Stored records
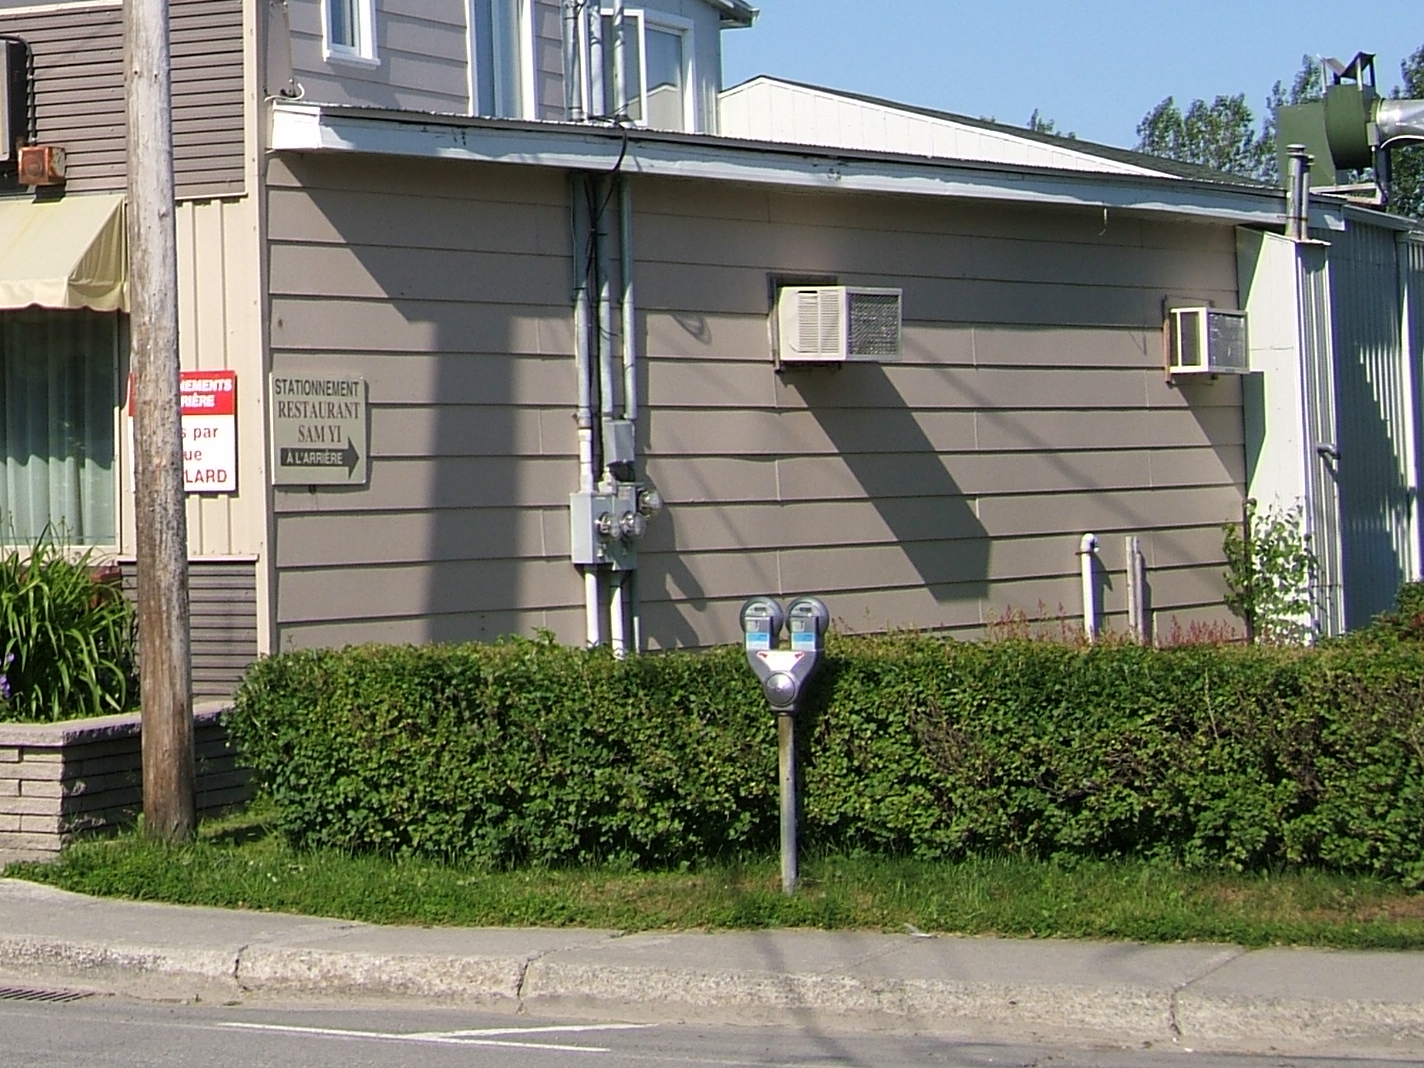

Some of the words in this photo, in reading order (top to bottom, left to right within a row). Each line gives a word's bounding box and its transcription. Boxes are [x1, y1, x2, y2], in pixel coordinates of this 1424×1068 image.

[274, 378, 360, 396] STATIONNEMENT
[278, 400, 360, 420] RESTAURANT
[193, 427, 219, 441] par
[297, 425, 325, 443] SAM
[328, 425, 342, 443] YI
[287, 449, 294, 464] À
[295, 450, 343, 464] L'ARRIÈRE

• _What you need to do_
Exactly as given, transcribe every line of the data, but not its images.

• _Exercise output_
Some of the words in this photo, in reading order (top to bottom, left to right within a row). Each line gives a word's bounding box and its transcription. Boxes are [x1, y1, x2, y2], in pixel coordinates of this 1424×1068 image.

[274, 378, 360, 396] STATIONNEMENT
[278, 400, 360, 420] RESTAURANT
[193, 427, 219, 441] par
[297, 425, 325, 443] SAM
[328, 425, 342, 443] YI
[287, 449, 294, 464] À
[295, 450, 343, 464] L'ARRIÈRE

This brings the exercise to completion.